No wonder I and many of us, are suffering from ecological grief. There are other names for it – eco-anxiety, pre-traumatic stress disorder and solastalgia. Environmental induced stress can be related to either acute environmental issues and events, or longer term and chronic changes. It can be caused by the experience of environmental events like floods or fires, or from longer term changes anticipated or underway.

Solastalgia was coined by a Professor of Sustainability at Western Australia’s Murdoch University, an alternative condition to nostalgia. Whereas nostalgia is a melancholy or homesickness for a place we’re separated from, solastalgia is distress from environmental change impacting when we’re still connected to home.
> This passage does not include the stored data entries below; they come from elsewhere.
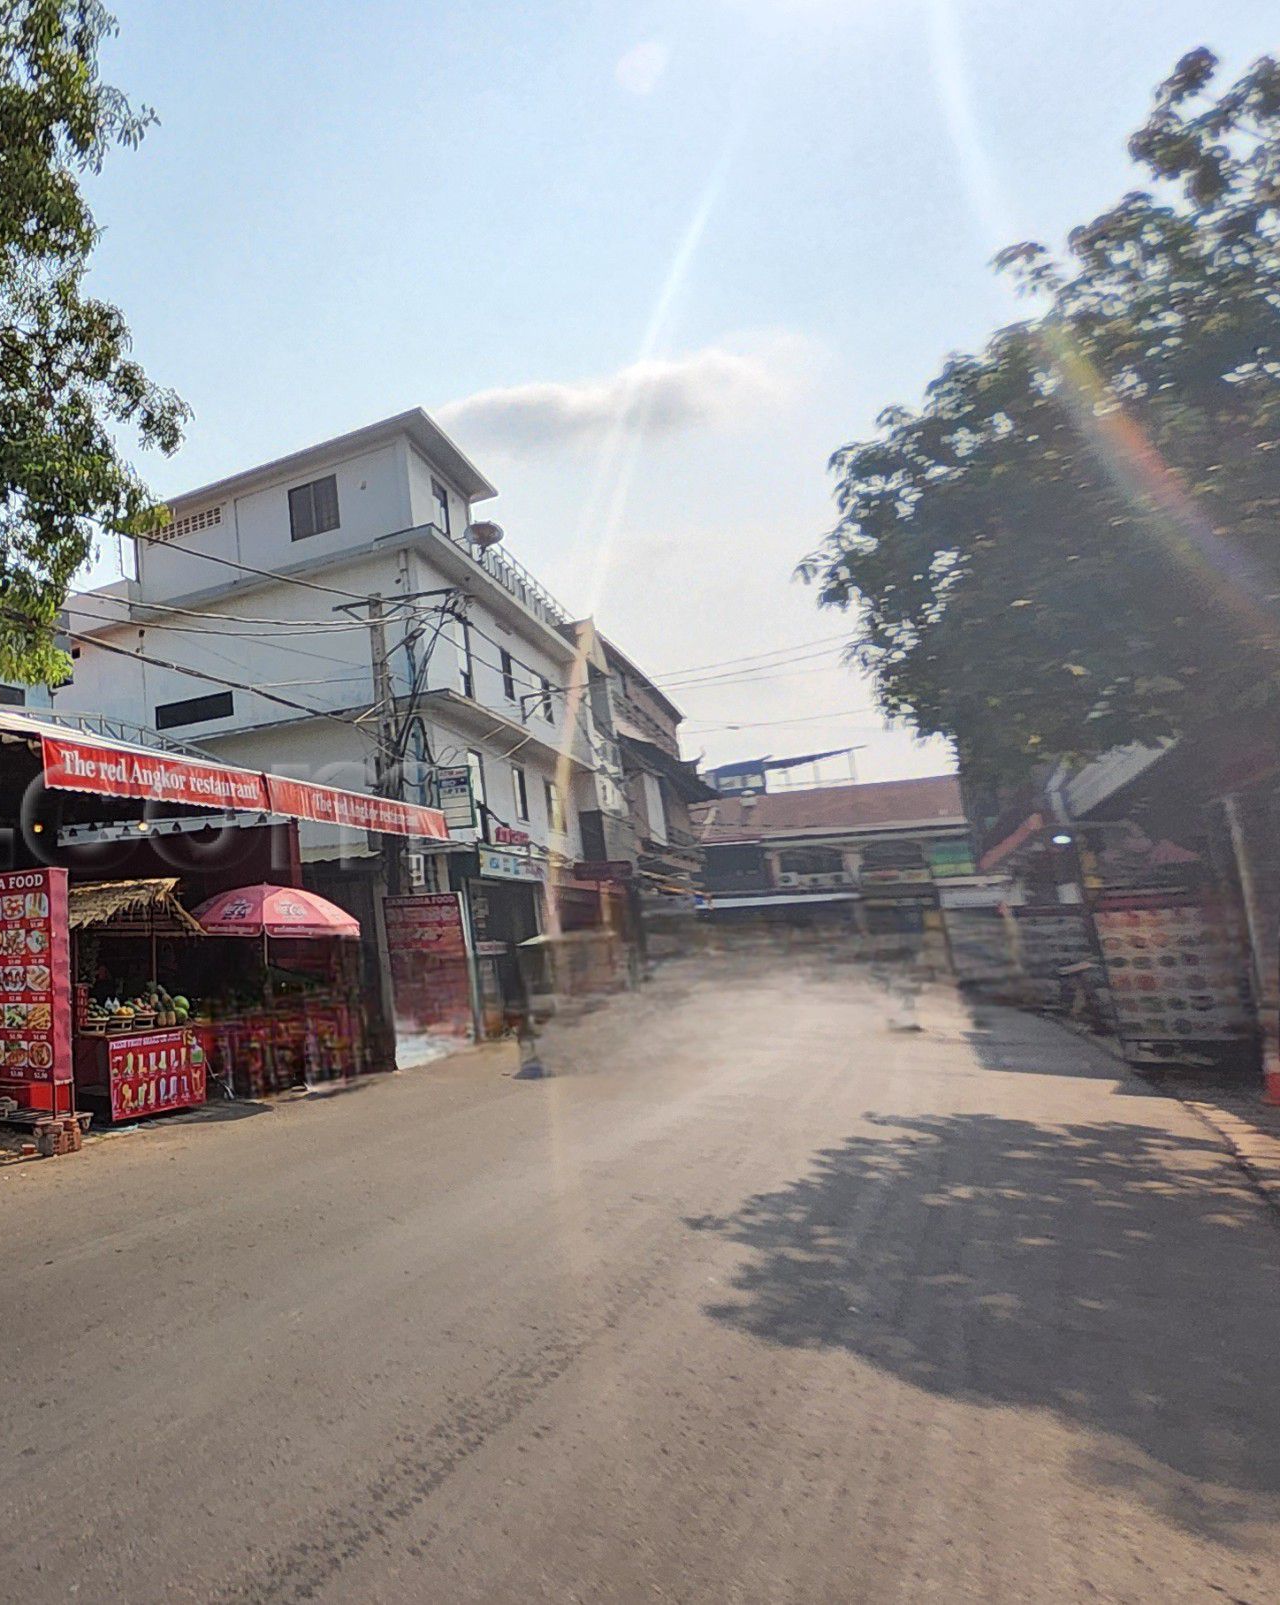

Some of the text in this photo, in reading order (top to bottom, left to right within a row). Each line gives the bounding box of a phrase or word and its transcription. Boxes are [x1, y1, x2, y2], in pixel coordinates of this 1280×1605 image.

[61, 749, 96, 777] The
[100, 759, 127, 781] red
[131, 758, 186, 793] Angkor
[314, 793, 332, 813] The
[9, 874, 43, 889] FOOD
Solastalgia has been studied in Australian farmers suffering from drought, in communities excavated for coal mines, and in Aborigines who have lost links with their lands. It’s felt by people of the sea ice, when the sea ice melts and is no more. It’s felt when we lose landscapes, ecosystems and species, the loss of places of collective and personal meaning, the elements of nature that help define our very selves. It’s a sense of loss and disassociation from places we love, ‘becoming a stranger in a familiar land’, where our old certainties become vulnerable and transient, change occurs before our eyes and we are powerless to control it.

I feel it when I see clay pits for terraced housing where once horses ran in paddocks here on the outskirts of West Auckland, and when I’m stuck in traffic while the adjacent railway line sits empty. I feel it for being locked out of the Waitakere Ranges because of kauri dieback disease, and I will feel it when there are no kauri. I feel it when I think of Maui and Hector’s dolphins, and I feel it when I know they will soon be gone. I feel it when Auckland Transport erects yet another unnecessary streetlight blocking out a bit more of the dark night sky, another ‘perishable good’ eroded in pursuit of ‘progress’.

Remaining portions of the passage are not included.